Authors: Alyson Stagg, Therese M. Giglia, Monique M. Gardner, Rachel J. Shustak, Shobha S. Natarajan, David A. Hehir, Anita L. Szwast, Jonathan J. Rome, Chitra Ravishankar, Tamar J. Preminger
Abstract: Infants with staged surgical palliation for congenital heart disease are at high-risk for interstage morbidity and mortality. Interstage telecardiology visits (TCV) have been effective in identifying clinical concerns and preventing unnecessary emergency department visits in this high-risk population. We aimed to assess the feasibility of implementing auscultation with digital stethoscopes (DSs) during TCV and the potential impact on interstage care in our Infant Single Ventricle Monitoring & Management Program.
Results: From July 2021 through June 2022, 16 patients were examined with a DS during 52 TCVs (median: 3 TCVs/patient; range: 1–8 TCVs/patient).

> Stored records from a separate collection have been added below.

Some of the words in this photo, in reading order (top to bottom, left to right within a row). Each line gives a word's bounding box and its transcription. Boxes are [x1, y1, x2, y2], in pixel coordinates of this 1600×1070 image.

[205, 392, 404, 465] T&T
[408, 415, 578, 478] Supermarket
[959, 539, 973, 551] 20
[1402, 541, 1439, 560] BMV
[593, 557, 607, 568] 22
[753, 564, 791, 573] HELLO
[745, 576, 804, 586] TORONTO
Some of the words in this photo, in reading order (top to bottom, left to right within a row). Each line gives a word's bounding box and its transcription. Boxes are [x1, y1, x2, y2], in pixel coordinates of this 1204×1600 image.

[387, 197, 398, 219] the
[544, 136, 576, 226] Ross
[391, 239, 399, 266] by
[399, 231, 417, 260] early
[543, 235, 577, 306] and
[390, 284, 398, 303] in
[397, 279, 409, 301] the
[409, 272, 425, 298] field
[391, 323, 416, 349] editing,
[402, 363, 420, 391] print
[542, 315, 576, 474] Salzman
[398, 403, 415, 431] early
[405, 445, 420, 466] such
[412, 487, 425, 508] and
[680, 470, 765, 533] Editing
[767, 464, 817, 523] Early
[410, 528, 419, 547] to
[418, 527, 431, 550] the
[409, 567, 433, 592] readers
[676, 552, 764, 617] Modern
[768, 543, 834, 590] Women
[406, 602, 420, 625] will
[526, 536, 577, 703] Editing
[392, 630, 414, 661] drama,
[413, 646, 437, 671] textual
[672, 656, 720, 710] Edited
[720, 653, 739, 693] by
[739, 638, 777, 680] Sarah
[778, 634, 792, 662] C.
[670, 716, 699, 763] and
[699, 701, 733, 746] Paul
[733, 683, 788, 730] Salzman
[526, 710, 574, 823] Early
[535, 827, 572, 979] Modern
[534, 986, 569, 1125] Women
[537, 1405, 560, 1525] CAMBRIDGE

The quality of heart sounds and murmur auscultation was judged as “very clear” or “moderately clear” with excellent inter-rater agreement (98%). In all visits, providers agreed that incorporation of the DS was helpful in medical decision-making and agreed that using DSs enhanced the overall quality of the TCV. Use of the DS provided additional significant information in 12% of TCVs (6/52) as compared to our routine TCV; in 2 cases this expedited life-saving care. There were no missed events or deaths. Furthermore, there were no false positives where the DS led to patients being directed to the ED unnecessarily.